Director of Services, Amity Foundation
Juana Ochoa is a Mexican woman who was raised in a marginalized, drug-infested, and gang-protected community, fighting persistent poverty. The Pico-Gardens housing project east of the Los Angeles River was one of the most unstable communities in the '90s. She witnessed her community lose great men and women to gang violence, incarceration, drug addiction, and criminality. Most importantly, she witnessed the most vulnerable members of her community, the children and future generations, become displaced and looped into the same cycle of crime, drug addiction, and violence.
Today, Juana is a Ph.D. candidate pursuing a degree in Depth Psychology with a strong emphasis on Community, Liberation, Indigenous, and Ecopsychology at Pacifica Graduate Institute–her focus and curiosity have been around the development of spaces and how those spaces support the transformation of individuals moving through the criminal justice system, individuals pushed to the backstairs of society. For the last twelve years, Juana has worked with the Amity Foundation, a non-profit organization. Amity's work extends to county and state levels, providing whole-person care services to men, women, youth, and children impacted by the criminal justice system, homelessness, drug addiction, or those suffering from mental health issues.

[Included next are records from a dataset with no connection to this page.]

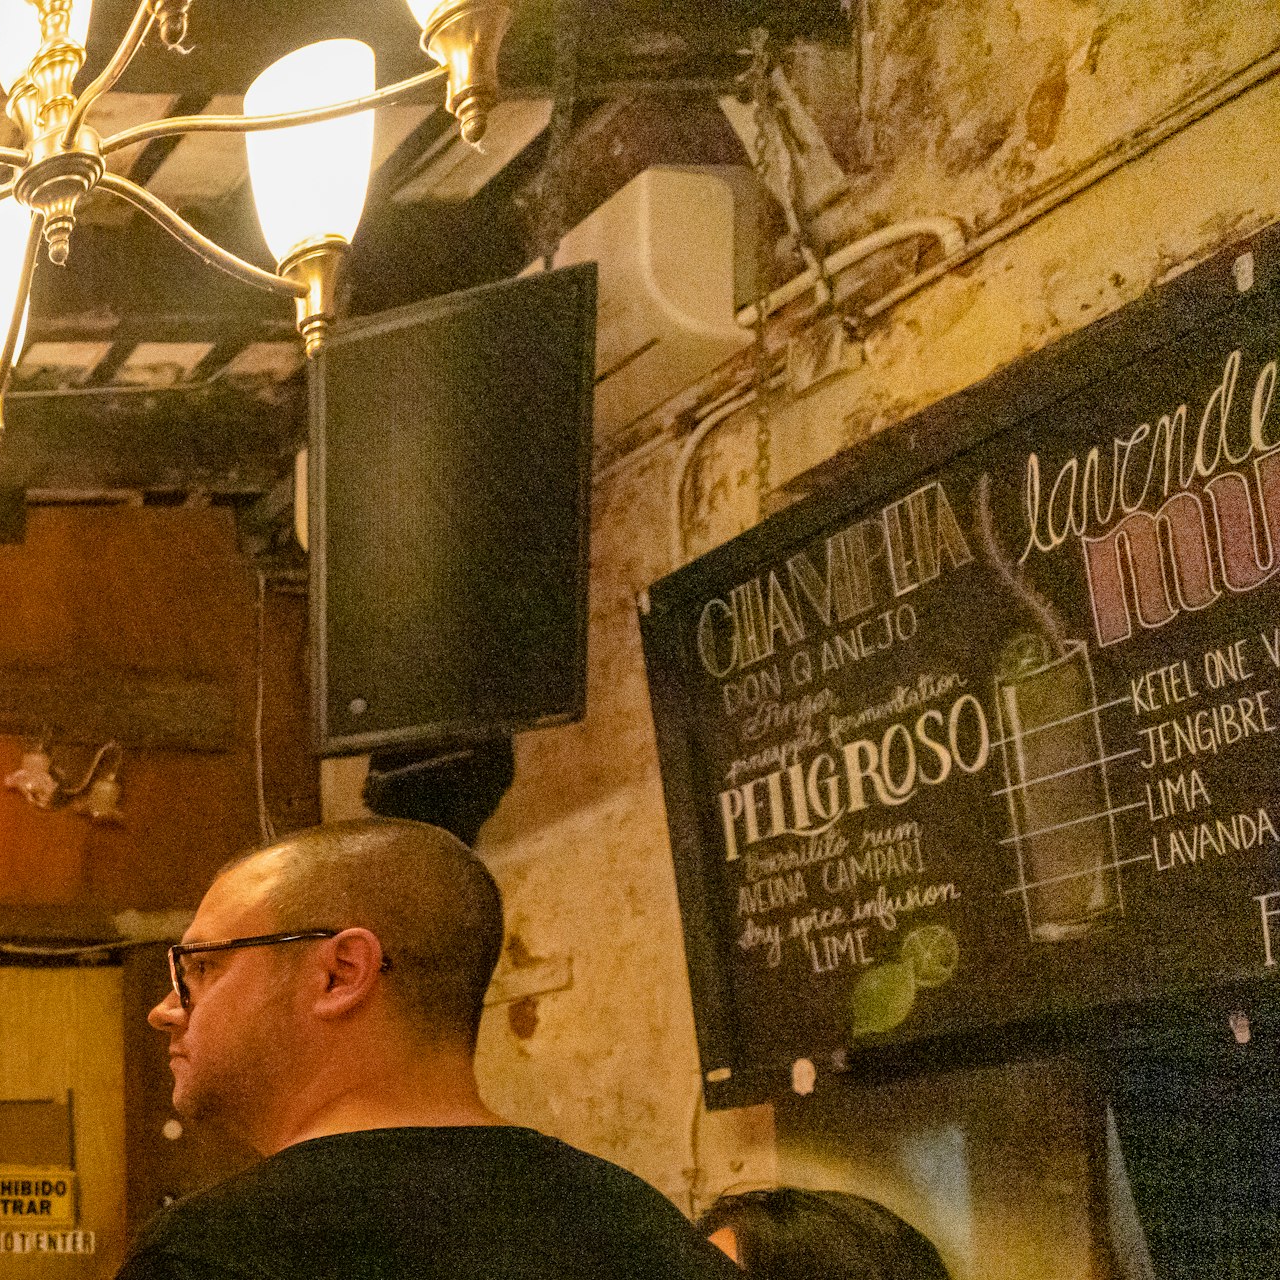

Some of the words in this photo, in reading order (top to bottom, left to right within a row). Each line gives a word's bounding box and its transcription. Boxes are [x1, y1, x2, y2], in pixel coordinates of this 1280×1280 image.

[723, 665, 782, 715] DON
[791, 651, 813, 686] Q
[1131, 660, 1199, 716] KETEL
[1204, 639, 1254, 689] ONE
[1138, 690, 1278, 769] JENGIBRE
[720, 694, 990, 863] PELIGROSO
[1146, 769, 1212, 822] LIMA
[860, 821, 923, 851] rum
[1152, 809, 1280, 872] LAVANDA
[823, 838, 925, 895] CAMPARI
[851, 880, 962, 930] infusion
[810, 927, 874, 973] LIME
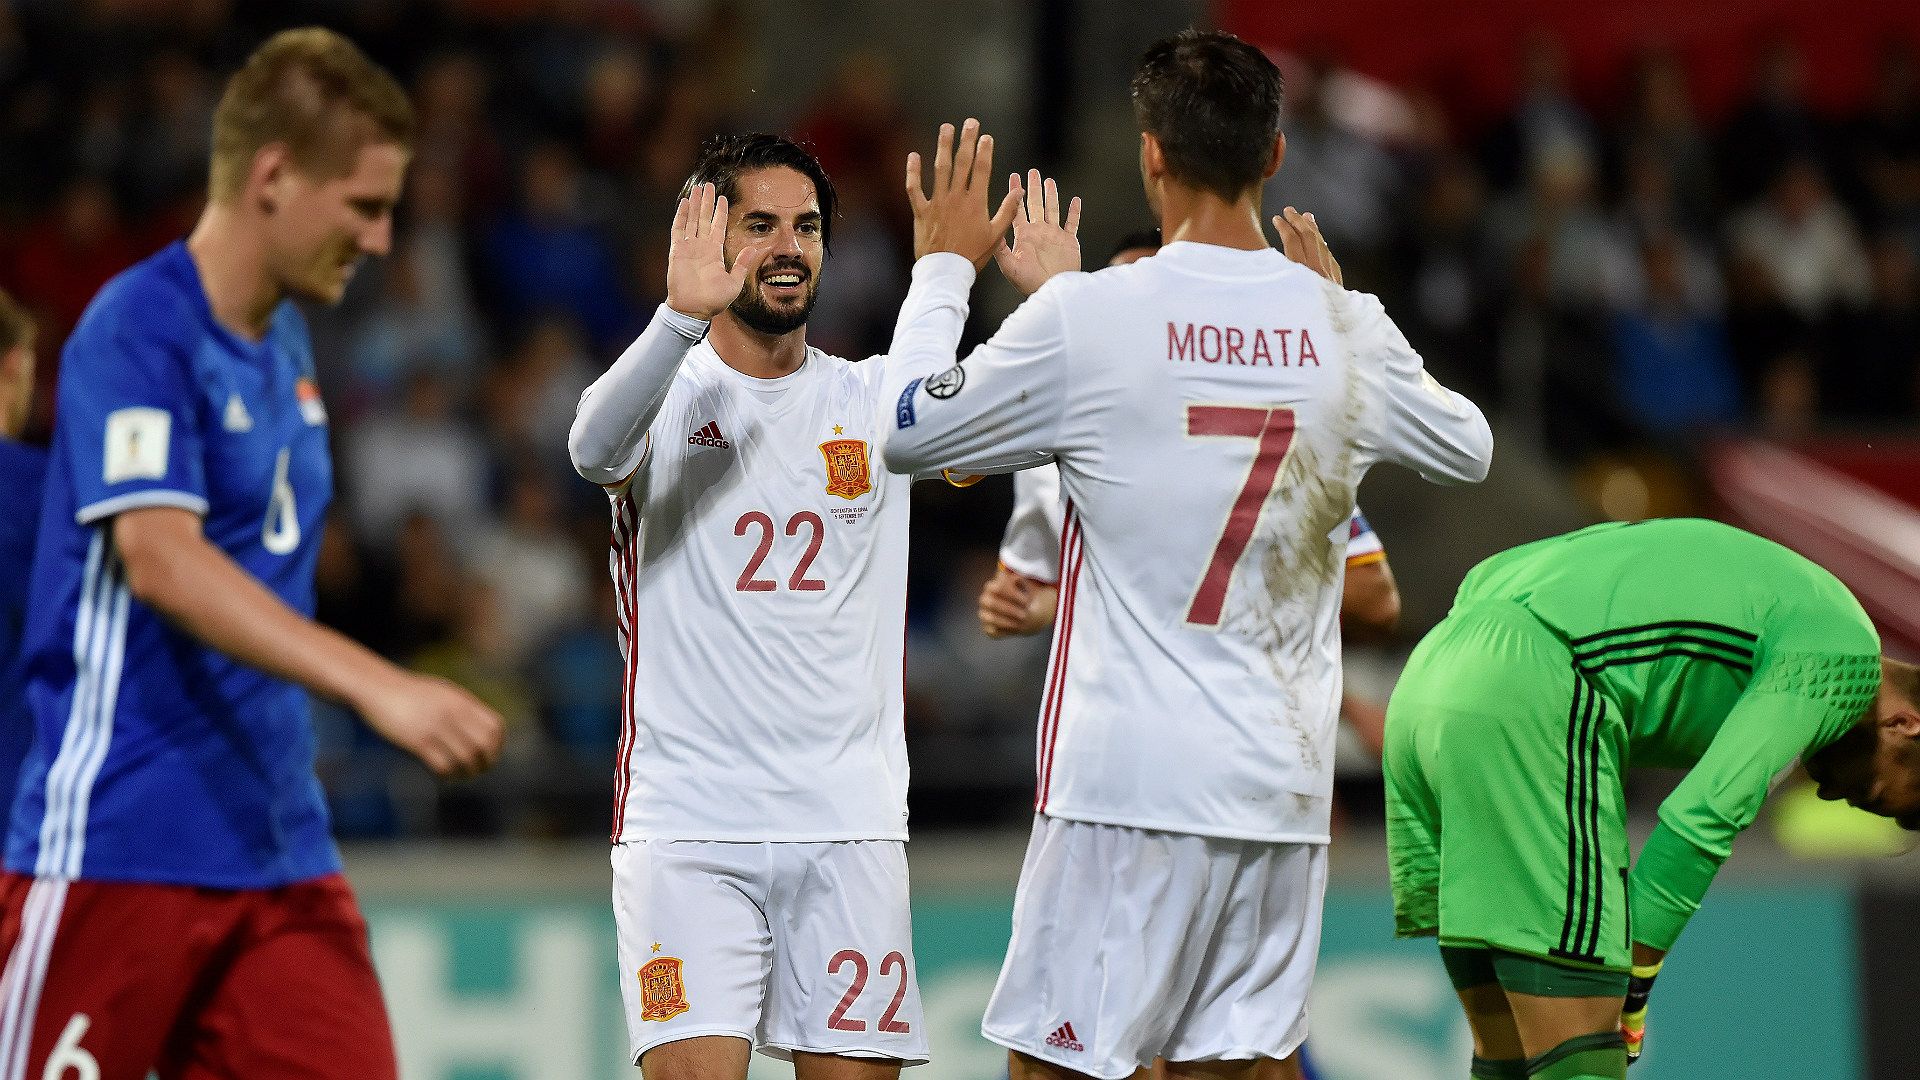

At Amity, her role in the community is to fine-tune the syncopation of the environment and the emotional climate. She supports the development of spaces that incorporate many practices directly (including circle practice, art, music, and gardening) and indirectly (such as plants, scents, textures, colors, and the sounds of water). As the Regional Director of Services, her job is to ensure that the fidelity of the teaching and therapeutic model is intact, providing platforms that move individuals from an unconscious to a conscious place of understanding and evolution.